> **REQUIREMENT**:
Your task is to output the entries below word for word.

> **INFORMATION SUPPLIED**:
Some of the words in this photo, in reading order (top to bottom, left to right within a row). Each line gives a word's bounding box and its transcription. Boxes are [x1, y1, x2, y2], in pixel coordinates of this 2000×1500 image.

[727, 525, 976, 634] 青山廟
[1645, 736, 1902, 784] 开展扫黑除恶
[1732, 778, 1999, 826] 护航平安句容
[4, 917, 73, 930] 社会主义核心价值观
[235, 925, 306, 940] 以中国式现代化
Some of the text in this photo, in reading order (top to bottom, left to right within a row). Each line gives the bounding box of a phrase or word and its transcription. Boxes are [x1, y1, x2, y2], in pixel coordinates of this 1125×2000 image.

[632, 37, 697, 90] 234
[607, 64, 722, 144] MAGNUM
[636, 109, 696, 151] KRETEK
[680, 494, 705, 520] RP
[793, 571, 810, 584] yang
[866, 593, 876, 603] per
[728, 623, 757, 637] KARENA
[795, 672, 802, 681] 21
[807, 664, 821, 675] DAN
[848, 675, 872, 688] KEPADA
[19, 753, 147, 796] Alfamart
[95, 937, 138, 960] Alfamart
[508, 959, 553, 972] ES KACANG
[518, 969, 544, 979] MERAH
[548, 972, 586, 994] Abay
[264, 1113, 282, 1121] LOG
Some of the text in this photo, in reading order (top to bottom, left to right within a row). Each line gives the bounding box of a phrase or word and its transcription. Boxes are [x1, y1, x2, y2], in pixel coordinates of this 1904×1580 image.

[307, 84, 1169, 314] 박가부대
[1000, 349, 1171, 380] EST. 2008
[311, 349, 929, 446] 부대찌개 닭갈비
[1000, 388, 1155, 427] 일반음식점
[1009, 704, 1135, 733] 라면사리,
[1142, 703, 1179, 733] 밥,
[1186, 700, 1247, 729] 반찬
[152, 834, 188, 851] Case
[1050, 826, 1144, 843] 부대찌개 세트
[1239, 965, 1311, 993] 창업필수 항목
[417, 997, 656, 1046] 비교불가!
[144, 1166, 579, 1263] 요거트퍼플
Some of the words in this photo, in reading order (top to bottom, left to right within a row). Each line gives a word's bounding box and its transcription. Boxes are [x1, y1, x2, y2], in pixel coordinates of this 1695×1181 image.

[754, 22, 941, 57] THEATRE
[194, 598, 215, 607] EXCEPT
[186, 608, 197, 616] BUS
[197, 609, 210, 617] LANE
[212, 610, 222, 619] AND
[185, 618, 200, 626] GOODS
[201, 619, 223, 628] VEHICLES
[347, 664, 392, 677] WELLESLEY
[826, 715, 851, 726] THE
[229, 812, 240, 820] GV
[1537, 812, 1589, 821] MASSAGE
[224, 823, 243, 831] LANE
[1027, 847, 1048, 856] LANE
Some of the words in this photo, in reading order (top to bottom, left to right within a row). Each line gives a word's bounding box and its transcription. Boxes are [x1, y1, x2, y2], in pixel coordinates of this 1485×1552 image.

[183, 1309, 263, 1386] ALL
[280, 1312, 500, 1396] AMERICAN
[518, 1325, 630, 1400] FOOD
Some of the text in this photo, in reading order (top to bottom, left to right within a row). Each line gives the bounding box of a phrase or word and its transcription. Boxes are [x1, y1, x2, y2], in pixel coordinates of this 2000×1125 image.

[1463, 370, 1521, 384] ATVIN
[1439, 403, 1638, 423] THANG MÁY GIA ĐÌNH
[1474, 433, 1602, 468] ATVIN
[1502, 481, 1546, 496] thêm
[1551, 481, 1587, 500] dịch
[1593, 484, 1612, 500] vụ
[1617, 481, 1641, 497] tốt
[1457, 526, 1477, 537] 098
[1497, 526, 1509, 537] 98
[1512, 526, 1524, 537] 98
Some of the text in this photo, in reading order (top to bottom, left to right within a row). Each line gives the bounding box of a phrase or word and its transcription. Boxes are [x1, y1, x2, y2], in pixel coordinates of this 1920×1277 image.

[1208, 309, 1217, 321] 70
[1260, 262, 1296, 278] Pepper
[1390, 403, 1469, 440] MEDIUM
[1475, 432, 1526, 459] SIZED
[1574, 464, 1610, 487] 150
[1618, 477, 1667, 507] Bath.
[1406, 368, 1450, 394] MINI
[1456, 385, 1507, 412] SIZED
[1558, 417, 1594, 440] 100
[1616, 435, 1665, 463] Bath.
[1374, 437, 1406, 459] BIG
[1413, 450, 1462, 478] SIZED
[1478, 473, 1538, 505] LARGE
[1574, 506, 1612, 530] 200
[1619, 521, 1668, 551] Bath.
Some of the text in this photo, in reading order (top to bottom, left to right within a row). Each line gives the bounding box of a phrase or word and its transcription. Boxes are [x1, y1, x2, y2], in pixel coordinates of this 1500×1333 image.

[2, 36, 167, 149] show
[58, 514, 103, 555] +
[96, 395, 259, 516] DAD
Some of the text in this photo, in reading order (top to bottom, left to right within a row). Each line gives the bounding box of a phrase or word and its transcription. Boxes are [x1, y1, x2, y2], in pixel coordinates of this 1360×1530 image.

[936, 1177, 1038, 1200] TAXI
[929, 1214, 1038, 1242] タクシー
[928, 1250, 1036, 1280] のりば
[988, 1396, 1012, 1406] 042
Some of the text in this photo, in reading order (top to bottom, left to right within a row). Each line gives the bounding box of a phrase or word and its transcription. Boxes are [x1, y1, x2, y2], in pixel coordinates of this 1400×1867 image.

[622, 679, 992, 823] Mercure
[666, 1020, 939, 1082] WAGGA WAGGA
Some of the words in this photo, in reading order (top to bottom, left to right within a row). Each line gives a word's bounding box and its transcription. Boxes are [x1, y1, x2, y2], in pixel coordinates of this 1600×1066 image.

> **TASK SOLUTION**:
Some of the words in this photo, in reading order (top to bottom, left to right within a row). Each line gives a word's bounding box and its transcription. Boxes are [x1, y1, x2, y2], in pixel coordinates of this 2000×1500 image.

[727, 525, 976, 634] 青山廟
[1645, 736, 1902, 784] 开展扫黑除恶
[1732, 778, 1999, 826] 护航平安句容
[4, 917, 73, 930] 社会主义核心价值观
[235, 925, 306, 940] 以中国式现代化
Some of the text in this photo, in reading order (top to bottom, left to right within a row). Each line gives the bounding box of a phrase or word and its transcription. Boxes are [x1, y1, x2, y2], in pixel coordinates of this 1125×2000 image.

[632, 37, 697, 90] 234
[607, 64, 722, 144] MAGNUM
[636, 109, 696, 151] KRETEK
[680, 494, 705, 520] RP
[793, 571, 810, 584] yang
[866, 593, 876, 603] per
[728, 623, 757, 637] KARENA
[795, 672, 802, 681] 21
[807, 664, 821, 675] DAN
[848, 675, 872, 688] KEPADA
[19, 753, 147, 796] Alfamart
[95, 937, 138, 960] Alfamart
[508, 959, 553, 972] ES KACANG
[518, 969, 544, 979] MERAH
[548, 972, 586, 994] Abay
[264, 1113, 282, 1121] LOG
Some of the text in this photo, in reading order (top to bottom, left to right within a row). Each line gives the bounding box of a phrase or word and its transcription. Boxes are [x1, y1, x2, y2], in pixel coordinates of this 1904×1580 image.

[307, 84, 1169, 314] 박가부대
[1000, 349, 1171, 380] EST. 2008
[311, 349, 929, 446] 부대찌개 닭갈비
[1000, 388, 1155, 427] 일반음식점
[1009, 704, 1135, 733] 라면사리,
[1142, 703, 1179, 733] 밥,
[1186, 700, 1247, 729] 반찬
[152, 834, 188, 851] Case
[1050, 826, 1144, 843] 부대찌개 세트
[1239, 965, 1311, 993] 창업필수 항목
[417, 997, 656, 1046] 비교불가!
[144, 1166, 579, 1263] 요거트퍼플
Some of the words in this photo, in reading order (top to bottom, left to right within a row). Each line gives a word's bounding box and its transcription. Boxes are [x1, y1, x2, y2], in pixel coordinates of this 1695×1181 image.

[754, 22, 941, 57] THEATRE
[194, 598, 215, 607] EXCEPT
[186, 608, 197, 616] BUS
[197, 609, 210, 617] LANE
[212, 610, 222, 619] AND
[185, 618, 200, 626] GOODS
[201, 619, 223, 628] VEHICLES
[347, 664, 392, 677] WELLESLEY
[826, 715, 851, 726] THE
[229, 812, 240, 820] GV
[1537, 812, 1589, 821] MASSAGE
[224, 823, 243, 831] LANE
[1027, 847, 1048, 856] LANE
Some of the words in this photo, in reading order (top to bottom, left to right within a row). Each line gives a word's bounding box and its transcription. Boxes are [x1, y1, x2, y2], in pixel coordinates of this 1485×1552 image.

[183, 1309, 263, 1386] ALL
[280, 1312, 500, 1396] AMERICAN
[518, 1325, 630, 1400] FOOD
Some of the text in this photo, in reading order (top to bottom, left to right within a row). Each line gives the bounding box of a phrase or word and its transcription. Boxes are [x1, y1, x2, y2], in pixel coordinates of this 2000×1125 image.

[1463, 370, 1521, 384] ATVIN
[1439, 403, 1638, 423] THANG MÁY GIA ĐÌNH
[1474, 433, 1602, 468] ATVIN
[1502, 481, 1546, 496] thêm
[1551, 481, 1587, 500] dịch
[1593, 484, 1612, 500] vụ
[1617, 481, 1641, 497] tốt
[1457, 526, 1477, 537] 098
[1497, 526, 1509, 537] 98
[1512, 526, 1524, 537] 98
Some of the text in this photo, in reading order (top to bottom, left to right within a row). Each line gives the bounding box of a phrase or word and its transcription. Boxes are [x1, y1, x2, y2], in pixel coordinates of this 1920×1277 image.

[1208, 309, 1217, 321] 70
[1260, 262, 1296, 278] Pepper
[1390, 403, 1469, 440] MEDIUM
[1475, 432, 1526, 459] SIZED
[1574, 464, 1610, 487] 150
[1618, 477, 1667, 507] Bath.
[1406, 368, 1450, 394] MINI
[1456, 385, 1507, 412] SIZED
[1558, 417, 1594, 440] 100
[1616, 435, 1665, 463] Bath.
[1374, 437, 1406, 459] BIG
[1413, 450, 1462, 478] SIZED
[1478, 473, 1538, 505] LARGE
[1574, 506, 1612, 530] 200
[1619, 521, 1668, 551] Bath.
Some of the text in this photo, in reading order (top to bottom, left to right within a row). Each line gives the bounding box of a phrase or word and its transcription. Boxes are [x1, y1, x2, y2], in pixel coordinates of this 1500×1333 image.

[2, 36, 167, 149] show
[58, 514, 103, 555] +
[96, 395, 259, 516] DAD
Some of the text in this photo, in reading order (top to bottom, left to right within a row). Each line gives the bounding box of a phrase or word and its transcription. Boxes are [x1, y1, x2, y2], in pixel coordinates of this 1360×1530 image.

[936, 1177, 1038, 1200] TAXI
[929, 1214, 1038, 1242] タクシー
[928, 1250, 1036, 1280] のりば
[988, 1396, 1012, 1406] 042
Some of the text in this photo, in reading order (top to bottom, left to right within a row). Each line gives the bounding box of a phrase or word and its transcription. Boxes are [x1, y1, x2, y2], in pixel coordinates of this 1400×1867 image.

[622, 679, 992, 823] Mercure
[666, 1020, 939, 1082] WAGGA WAGGA
Some of the words in this photo, in reading order (top to bottom, left to right within a row). Each line gives a word's bounding box and its transcription. Boxes are [x1, y1, x2, y2], in pixel coordinates of this 1600×1066 image.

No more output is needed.